_SOURCE DATA:_
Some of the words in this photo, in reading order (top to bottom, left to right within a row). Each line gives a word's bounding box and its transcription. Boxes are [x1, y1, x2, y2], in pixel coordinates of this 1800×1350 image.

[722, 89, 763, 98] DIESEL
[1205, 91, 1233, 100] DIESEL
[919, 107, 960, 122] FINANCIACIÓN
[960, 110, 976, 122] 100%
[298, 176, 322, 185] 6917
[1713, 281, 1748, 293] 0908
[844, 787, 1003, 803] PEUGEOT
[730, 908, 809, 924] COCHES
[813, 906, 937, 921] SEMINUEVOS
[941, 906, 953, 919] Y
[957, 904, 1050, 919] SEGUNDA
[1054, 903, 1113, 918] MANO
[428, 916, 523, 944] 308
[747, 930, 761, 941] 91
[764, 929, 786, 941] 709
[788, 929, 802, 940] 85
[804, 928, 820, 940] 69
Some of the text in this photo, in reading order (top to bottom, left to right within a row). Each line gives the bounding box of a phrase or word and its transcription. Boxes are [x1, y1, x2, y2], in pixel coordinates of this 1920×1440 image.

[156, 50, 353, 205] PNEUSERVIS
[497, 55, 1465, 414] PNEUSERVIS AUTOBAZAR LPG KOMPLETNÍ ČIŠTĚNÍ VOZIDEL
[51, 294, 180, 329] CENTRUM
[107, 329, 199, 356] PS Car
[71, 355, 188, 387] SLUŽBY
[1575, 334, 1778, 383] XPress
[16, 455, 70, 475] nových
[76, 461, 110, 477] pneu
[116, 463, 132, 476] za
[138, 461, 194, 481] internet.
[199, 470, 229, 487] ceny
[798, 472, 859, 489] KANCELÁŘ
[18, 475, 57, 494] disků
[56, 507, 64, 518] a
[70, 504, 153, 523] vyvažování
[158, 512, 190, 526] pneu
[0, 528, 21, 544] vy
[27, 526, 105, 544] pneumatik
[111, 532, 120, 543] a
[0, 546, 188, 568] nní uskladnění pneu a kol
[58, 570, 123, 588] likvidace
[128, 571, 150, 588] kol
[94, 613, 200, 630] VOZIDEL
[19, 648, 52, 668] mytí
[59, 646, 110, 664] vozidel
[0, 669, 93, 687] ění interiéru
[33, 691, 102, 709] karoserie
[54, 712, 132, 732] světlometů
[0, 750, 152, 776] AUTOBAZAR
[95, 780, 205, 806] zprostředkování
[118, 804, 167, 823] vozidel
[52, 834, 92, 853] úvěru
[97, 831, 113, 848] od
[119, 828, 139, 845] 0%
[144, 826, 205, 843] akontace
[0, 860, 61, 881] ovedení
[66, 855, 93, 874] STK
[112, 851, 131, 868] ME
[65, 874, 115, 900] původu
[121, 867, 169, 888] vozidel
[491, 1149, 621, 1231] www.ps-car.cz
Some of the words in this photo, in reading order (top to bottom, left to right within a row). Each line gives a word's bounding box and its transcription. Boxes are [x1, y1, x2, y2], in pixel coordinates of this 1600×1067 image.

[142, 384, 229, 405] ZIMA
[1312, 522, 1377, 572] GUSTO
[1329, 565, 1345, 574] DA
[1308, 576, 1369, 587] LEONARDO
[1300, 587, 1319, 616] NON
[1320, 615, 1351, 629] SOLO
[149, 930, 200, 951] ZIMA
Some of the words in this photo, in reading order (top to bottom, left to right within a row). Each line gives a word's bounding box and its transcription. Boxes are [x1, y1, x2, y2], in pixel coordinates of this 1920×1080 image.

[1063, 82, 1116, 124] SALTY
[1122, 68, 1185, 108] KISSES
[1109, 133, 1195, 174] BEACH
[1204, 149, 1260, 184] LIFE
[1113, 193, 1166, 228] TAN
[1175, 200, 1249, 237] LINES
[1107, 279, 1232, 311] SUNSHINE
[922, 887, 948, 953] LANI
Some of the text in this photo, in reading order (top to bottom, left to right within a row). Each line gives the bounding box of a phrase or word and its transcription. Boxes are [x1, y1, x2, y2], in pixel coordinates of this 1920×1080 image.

_PROBLEM DESCRIPTION:_
Copy each entry exactly. Omit none.

_EXERCISE RESPONSE:_
Some of the words in this photo, in reading order (top to bottom, left to right within a row). Each line gives a word's bounding box and its transcription. Boxes are [x1, y1, x2, y2], in pixel coordinates of this 1800×1350 image.

[722, 89, 763, 98] DIESEL
[1205, 91, 1233, 100] DIESEL
[919, 107, 960, 122] FINANCIACIÓN
[960, 110, 976, 122] 100%
[298, 176, 322, 185] 6917
[1713, 281, 1748, 293] 0908
[844, 787, 1003, 803] PEUGEOT
[730, 908, 809, 924] COCHES
[813, 906, 937, 921] SEMINUEVOS
[941, 906, 953, 919] Y
[957, 904, 1050, 919] SEGUNDA
[1054, 903, 1113, 918] MANO
[428, 916, 523, 944] 308
[747, 930, 761, 941] 91
[764, 929, 786, 941] 709
[788, 929, 802, 940] 85
[804, 928, 820, 940] 69
Some of the text in this photo, in reading order (top to bottom, left to right within a row). Each line gives the bounding box of a phrase or word and its transcription. Boxes are [x1, y1, x2, y2], in pixel coordinates of this 1920×1440 image.

[156, 50, 353, 205] PNEUSERVIS
[497, 55, 1465, 414] PNEUSERVIS AUTOBAZAR LPG KOMPLETNÍ ČIŠTĚNÍ VOZIDEL
[51, 294, 180, 329] CENTRUM
[107, 329, 199, 356] PS Car
[71, 355, 188, 387] SLUŽBY
[1575, 334, 1778, 383] XPress
[16, 455, 70, 475] nových
[76, 461, 110, 477] pneu
[116, 463, 132, 476] za
[138, 461, 194, 481] internet.
[199, 470, 229, 487] ceny
[798, 472, 859, 489] KANCELÁŘ
[18, 475, 57, 494] disků
[56, 507, 64, 518] a
[70, 504, 153, 523] vyvažování
[158, 512, 190, 526] pneu
[0, 528, 21, 544] vy
[27, 526, 105, 544] pneumatik
[111, 532, 120, 543] a
[0, 546, 188, 568] nní uskladnění pneu a kol
[58, 570, 123, 588] likvidace
[128, 571, 150, 588] kol
[94, 613, 200, 630] VOZIDEL
[19, 648, 52, 668] mytí
[59, 646, 110, 664] vozidel
[0, 669, 93, 687] ění interiéru
[33, 691, 102, 709] karoserie
[54, 712, 132, 732] světlometů
[0, 750, 152, 776] AUTOBAZAR
[95, 780, 205, 806] zprostředkování
[118, 804, 167, 823] vozidel
[52, 834, 92, 853] úvěru
[97, 831, 113, 848] od
[119, 828, 139, 845] 0%
[144, 826, 205, 843] akontace
[0, 860, 61, 881] ovedení
[66, 855, 93, 874] STK
[112, 851, 131, 868] ME
[65, 874, 115, 900] původu
[121, 867, 169, 888] vozidel
[491, 1149, 621, 1231] www.ps-car.cz
Some of the words in this photo, in reading order (top to bottom, left to right within a row). Each line gives a word's bounding box and its transcription. Boxes are [x1, y1, x2, y2], in pixel coordinates of this 1600×1067 image.

[142, 384, 229, 405] ZIMA
[1312, 522, 1377, 572] GUSTO
[1329, 565, 1345, 574] DA
[1308, 576, 1369, 587] LEONARDO
[1300, 587, 1319, 616] NON
[1320, 615, 1351, 629] SOLO
[149, 930, 200, 951] ZIMA
Some of the words in this photo, in reading order (top to bottom, left to right within a row). Each line gives a word's bounding box and its transcription. Boxes are [x1, y1, x2, y2], in pixel coordinates of this 1920×1080 image.

[1063, 82, 1116, 124] SALTY
[1122, 68, 1185, 108] KISSES
[1109, 133, 1195, 174] BEACH
[1204, 149, 1260, 184] LIFE
[1113, 193, 1166, 228] TAN
[1175, 200, 1249, 237] LINES
[1107, 279, 1232, 311] SUNSHINE
[922, 887, 948, 953] LANI
Some of the text in this photo, in reading order (top to bottom, left to right within a row). Each line gives the bounding box of a phrase or word and its transcription. Boxes are [x1, y1, x2, y2], in pixel coordinates of this 1920×1080 image.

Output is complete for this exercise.